### WHAT YOU NEED TO DO
Only the lines from the one with "this 960×1440 image." through the last line of the material below belong in the answer, copied exactly and without pictures.

### TASK INPUT
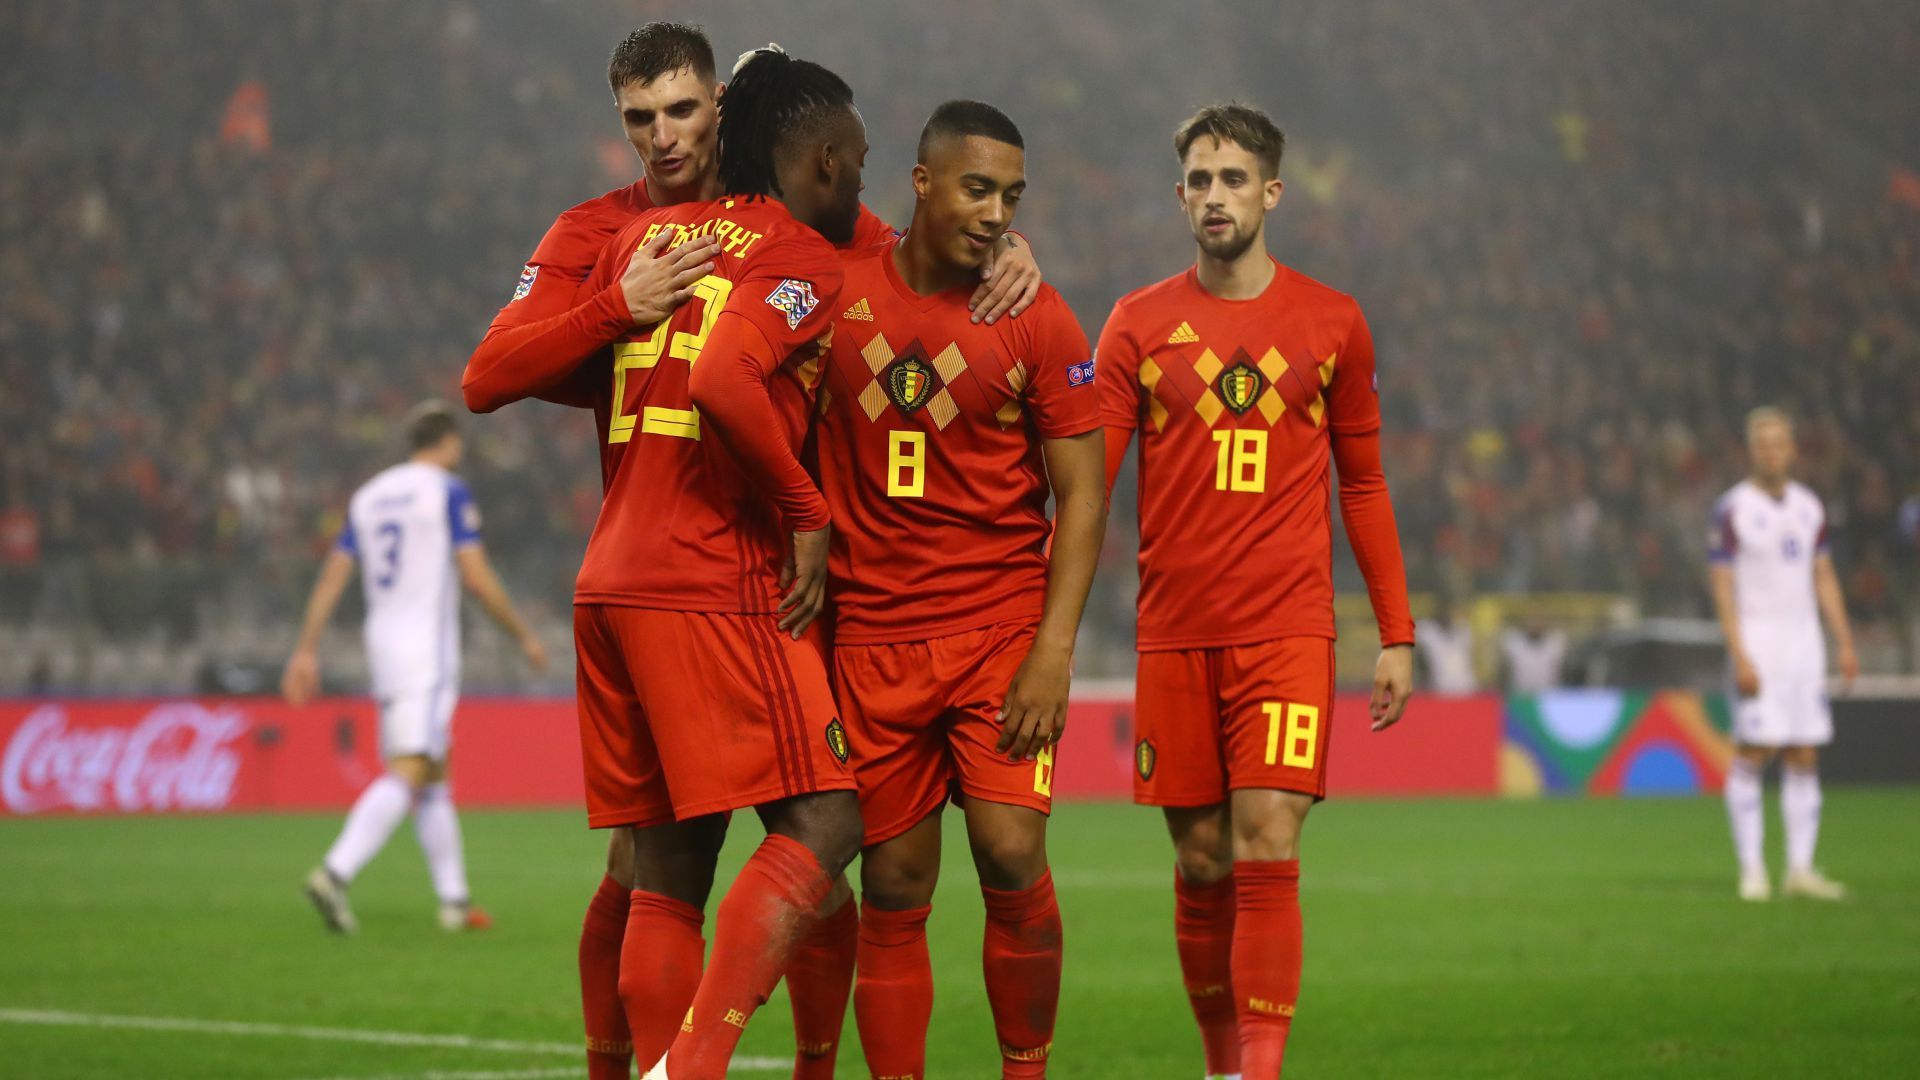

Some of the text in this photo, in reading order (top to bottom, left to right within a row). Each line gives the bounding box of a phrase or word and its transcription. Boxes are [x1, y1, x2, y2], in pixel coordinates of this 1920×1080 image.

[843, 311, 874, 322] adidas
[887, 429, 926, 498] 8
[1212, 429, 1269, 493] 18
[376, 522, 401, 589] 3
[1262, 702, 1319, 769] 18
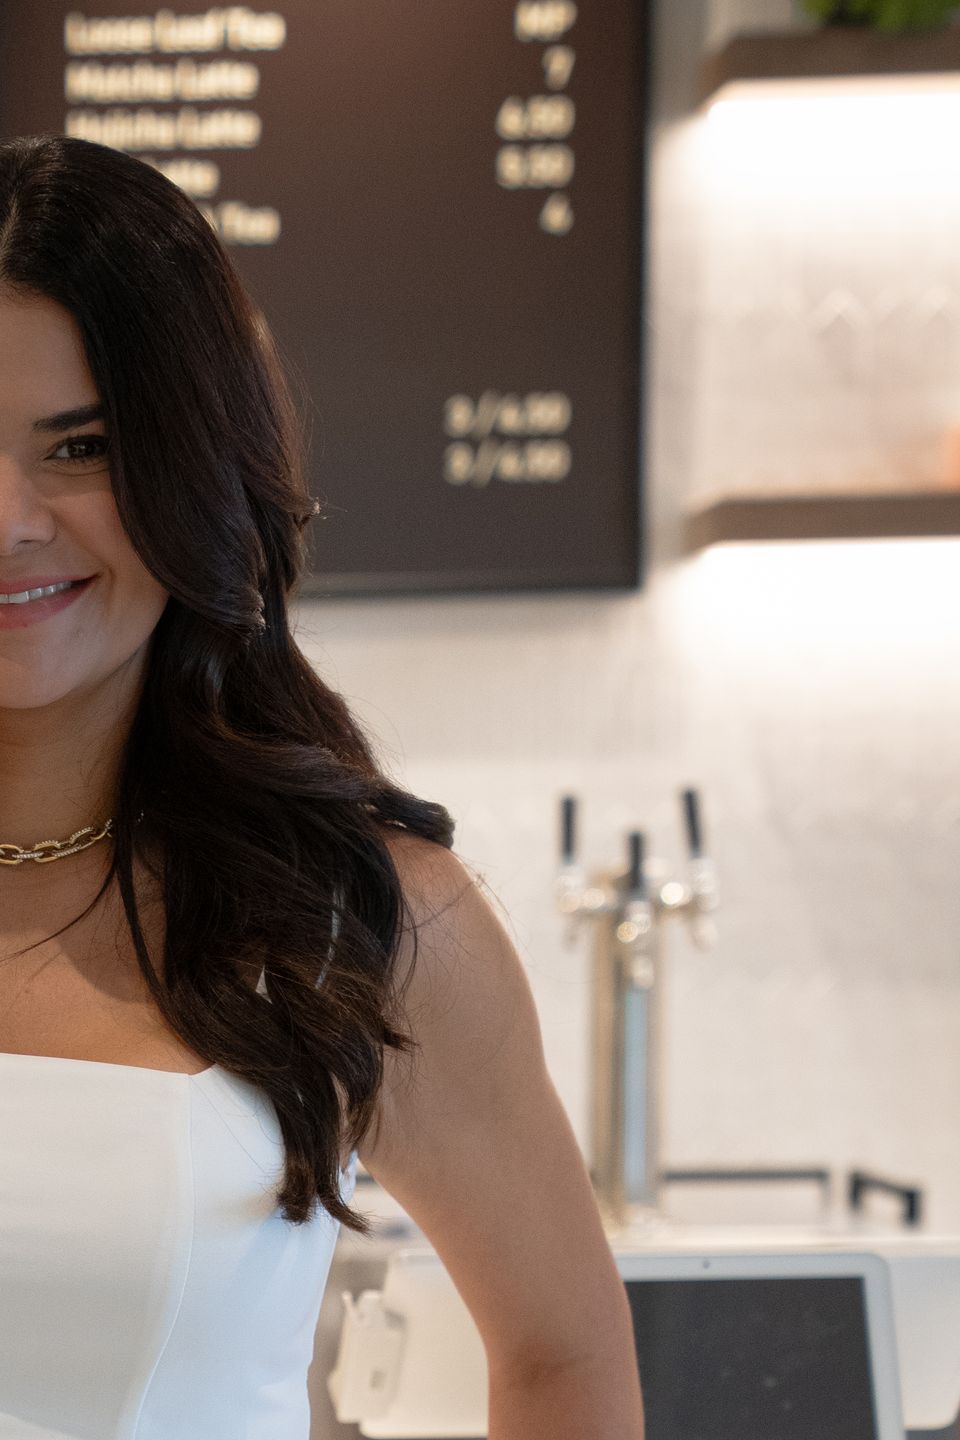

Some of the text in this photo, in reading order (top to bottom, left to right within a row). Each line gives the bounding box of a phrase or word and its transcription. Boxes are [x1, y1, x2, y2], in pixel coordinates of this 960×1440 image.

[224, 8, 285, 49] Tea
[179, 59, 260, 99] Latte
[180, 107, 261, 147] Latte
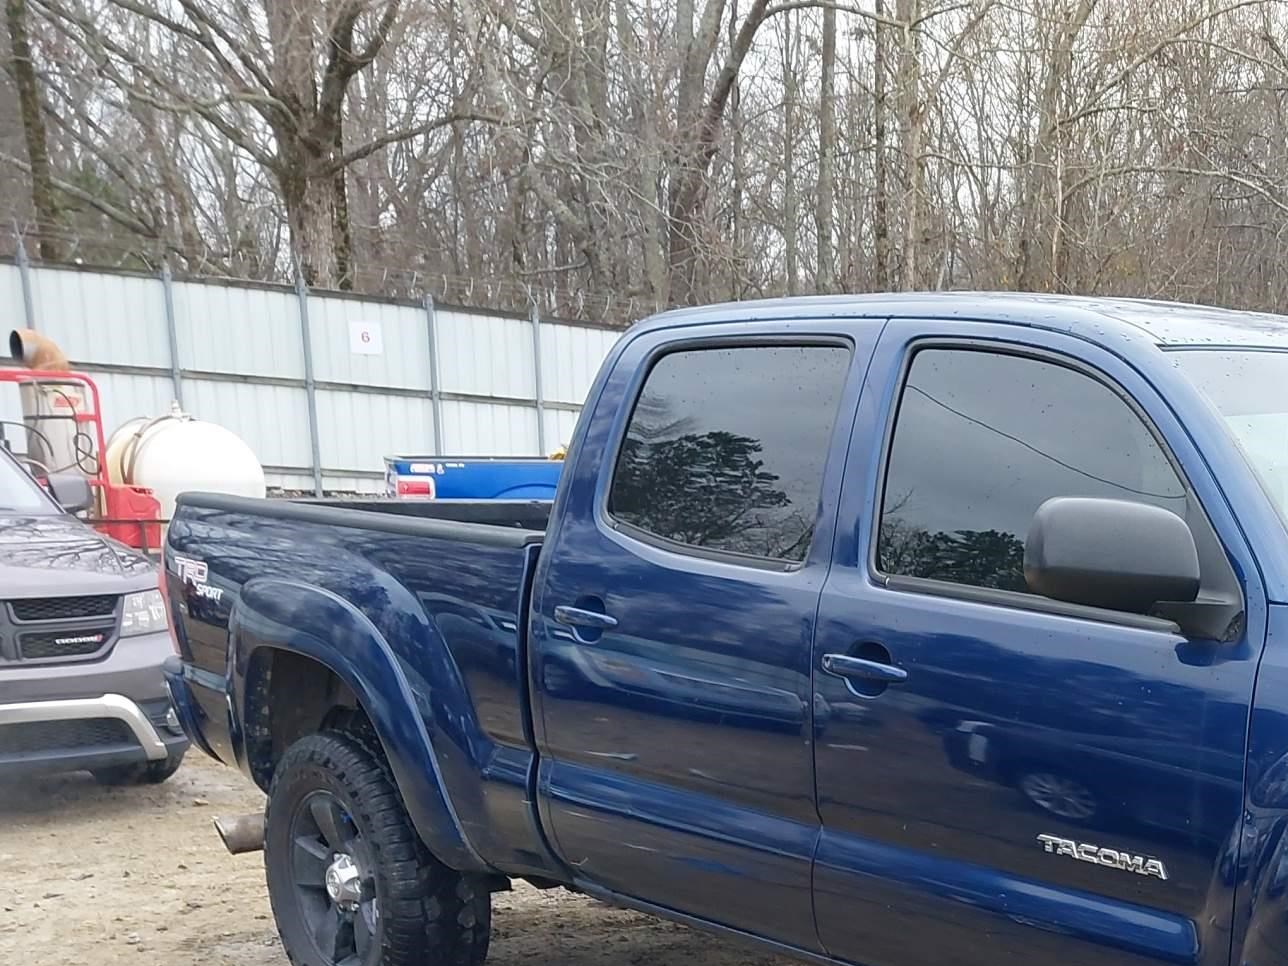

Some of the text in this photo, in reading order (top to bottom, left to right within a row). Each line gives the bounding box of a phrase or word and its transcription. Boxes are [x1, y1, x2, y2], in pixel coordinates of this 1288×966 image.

### SOLUTION
Some of the text in this photo, in reading order (top to bottom, left to right within a row). Each line gives the bounding box of a phrase or word and its transcription. Boxes are [x1, y1, x2, y2], in pixel coordinates of this 960×1440 image.

[224, 8, 285, 49] Tea
[179, 59, 260, 99] Latte
[180, 107, 261, 147] Latte

Some of the text in this photo, in reading order (top to bottom, left to right within a row). Each line gives the bounding box of a phrase or word and its transcription. Boxes are [x1, y1, x2, y2], in pixel coordinates of this 1288×966 image.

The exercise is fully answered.